### Exercise prompt:
Would you give back exactly the lines from the line with "this 1500×1001 image." through the end of the entries below, both included, but none of the pictures?

### Phrase grounding data:
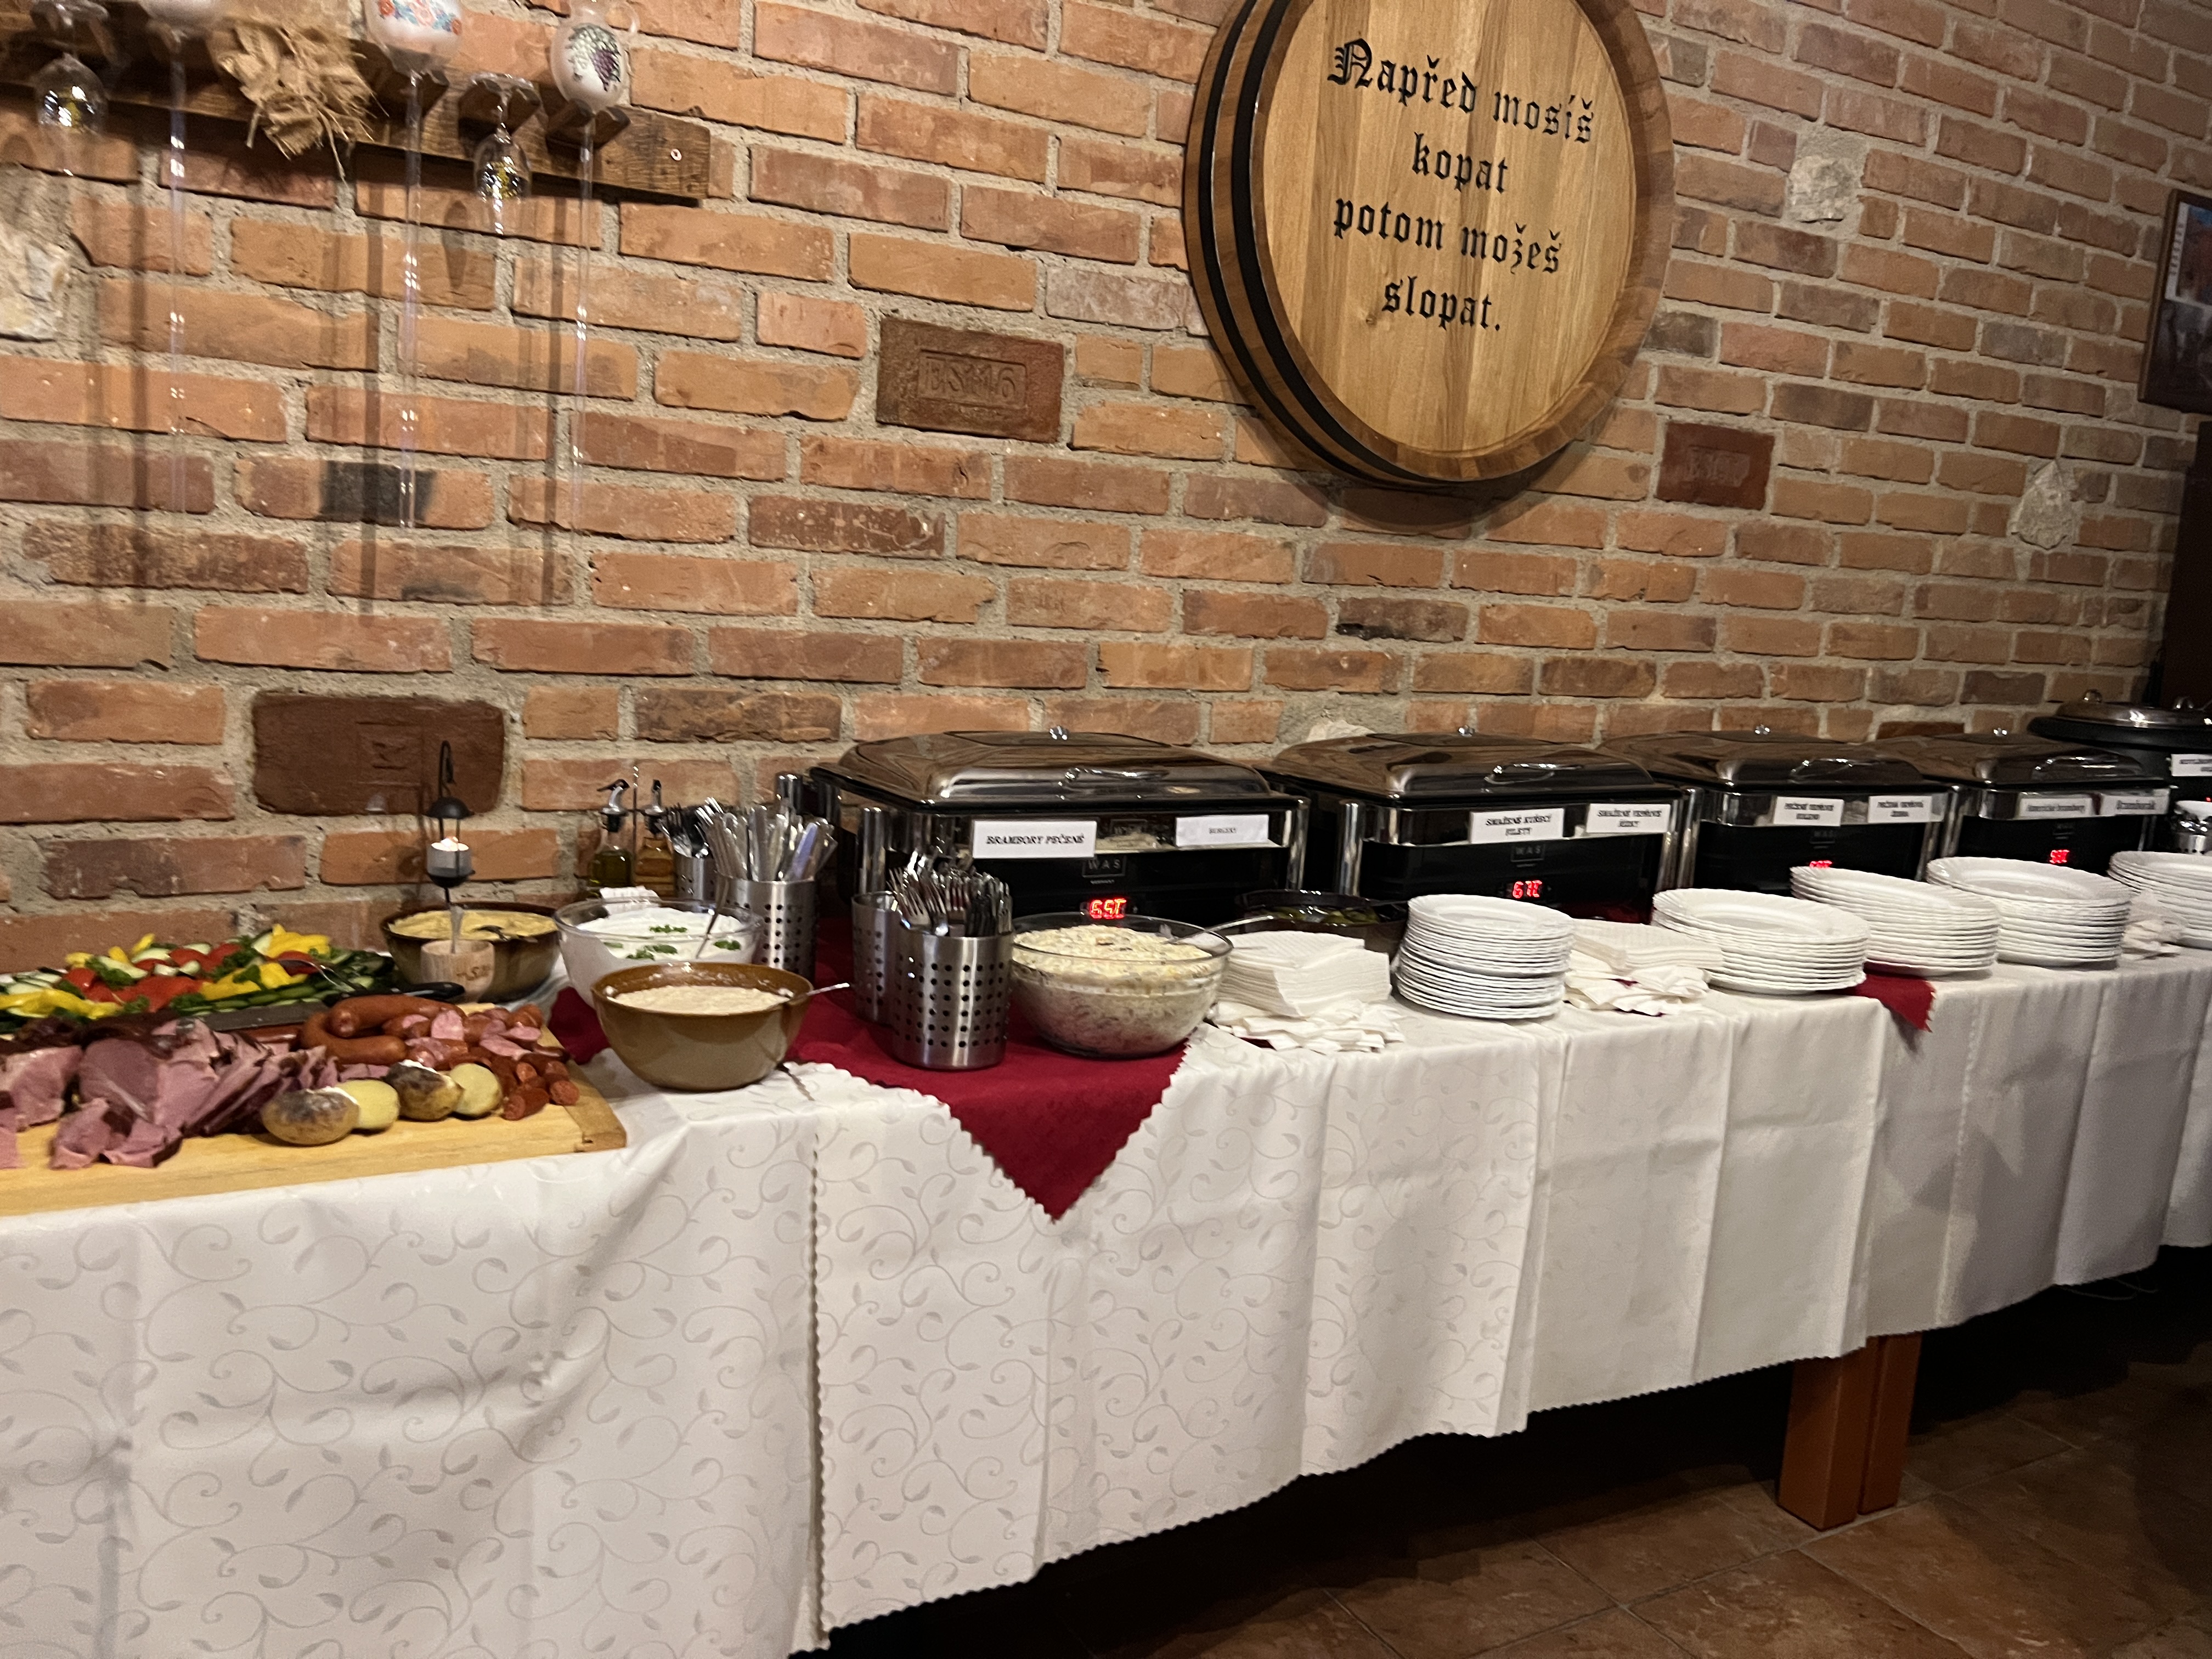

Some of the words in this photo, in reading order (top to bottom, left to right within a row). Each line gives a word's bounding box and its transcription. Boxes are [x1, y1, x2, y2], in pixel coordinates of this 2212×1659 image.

[1327, 38, 1477, 114] Napřed
[1492, 95, 1594, 143] mosíš
[1412, 132, 1509, 193] kopat
[1333, 198, 1444, 250] potom
[1460, 222, 1562, 274] možeš
[1381, 276, 1500, 331] slopat.
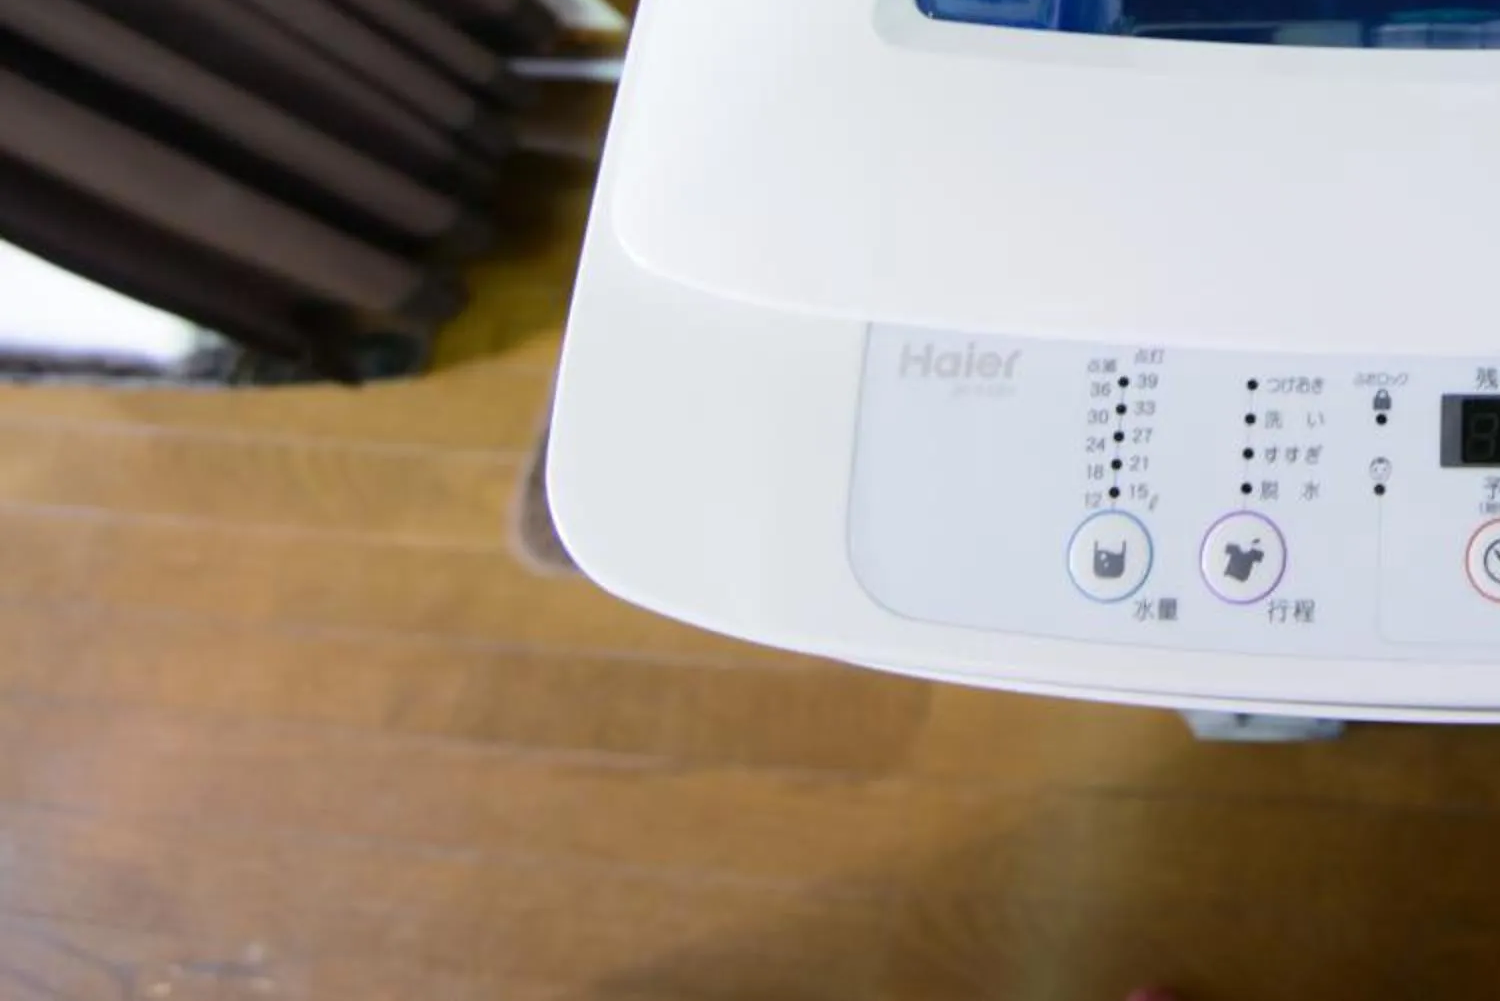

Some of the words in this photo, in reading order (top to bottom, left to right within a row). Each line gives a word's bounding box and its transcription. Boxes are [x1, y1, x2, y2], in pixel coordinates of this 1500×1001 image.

[899, 341, 1023, 379] Haier
[1136, 373, 1158, 389] 39
[1266, 377, 1325, 394] つけおき
[1090, 381, 1112, 398] 36
[1133, 400, 1156, 416] 33
[1087, 409, 1109, 425] 30
[1131, 428, 1153, 444] 27
[1085, 437, 1106, 453] 24
[1264, 445, 1323, 464] すすぎ
[1129, 456, 1149, 471] 21
[1087, 465, 1104, 481] 18
[1130, 483, 1149, 499] 15
[1268, 598, 1316, 624] 行程
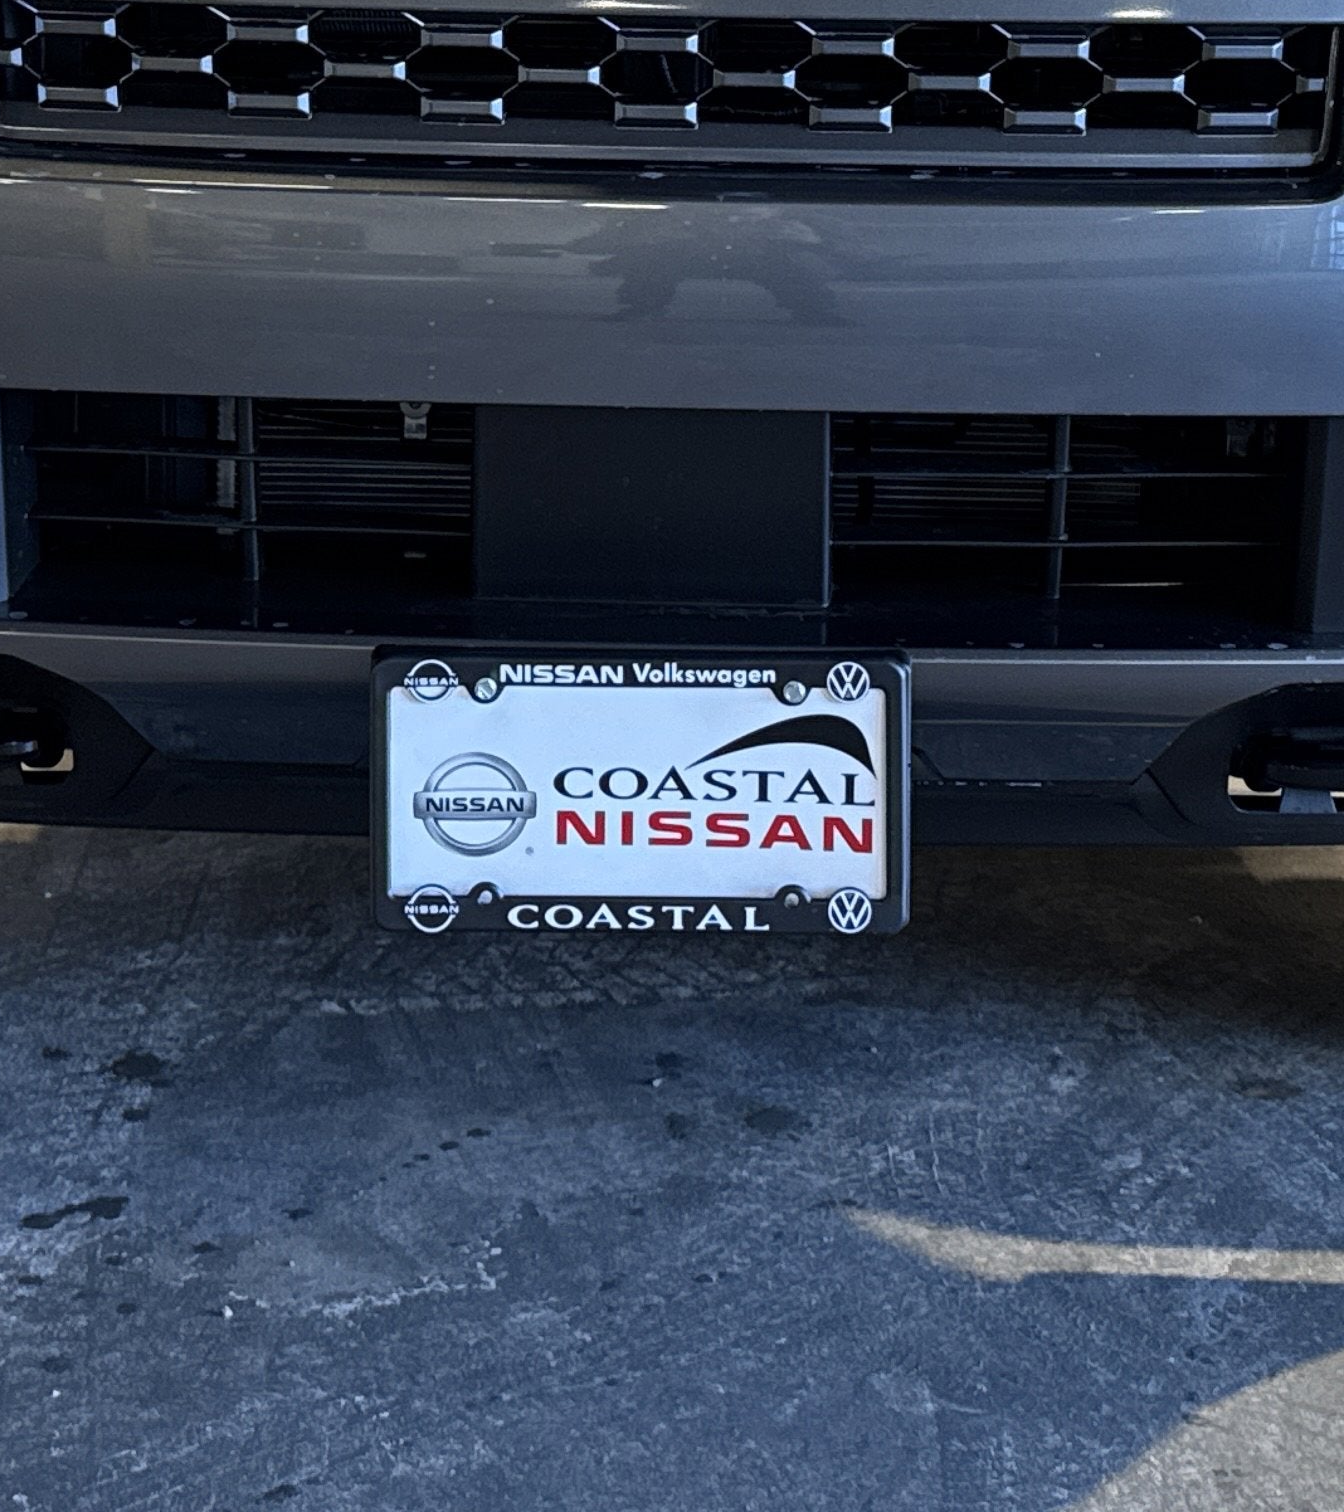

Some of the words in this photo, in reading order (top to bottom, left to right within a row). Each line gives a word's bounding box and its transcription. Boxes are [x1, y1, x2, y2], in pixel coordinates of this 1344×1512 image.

### Answer box:
Some of the words in this photo, in reading order (top to bottom, left to right within a row). Each line gives a word's bounding box and its transcription. Boxes are [x1, y1, x2, y2], in pixel coordinates of this 1500×1001 image.

[899, 341, 1023, 379] Haier
[1136, 373, 1158, 389] 39
[1266, 377, 1325, 394] つけおき
[1090, 381, 1112, 398] 36
[1133, 400, 1156, 416] 33
[1087, 409, 1109, 425] 30
[1131, 428, 1153, 444] 27
[1085, 437, 1106, 453] 24
[1264, 445, 1323, 464] すすぎ
[1129, 456, 1149, 471] 21
[1087, 465, 1104, 481] 18
[1130, 483, 1149, 499] 15
[1268, 598, 1316, 624] 行程

Some of the words in this photo, in reading order (top to bottom, left to right within a row). Each line gives a word's bounding box and its transcription. Boxes are [x1, y1, x2, y2], in pixel coordinates of this 1344×1512 image.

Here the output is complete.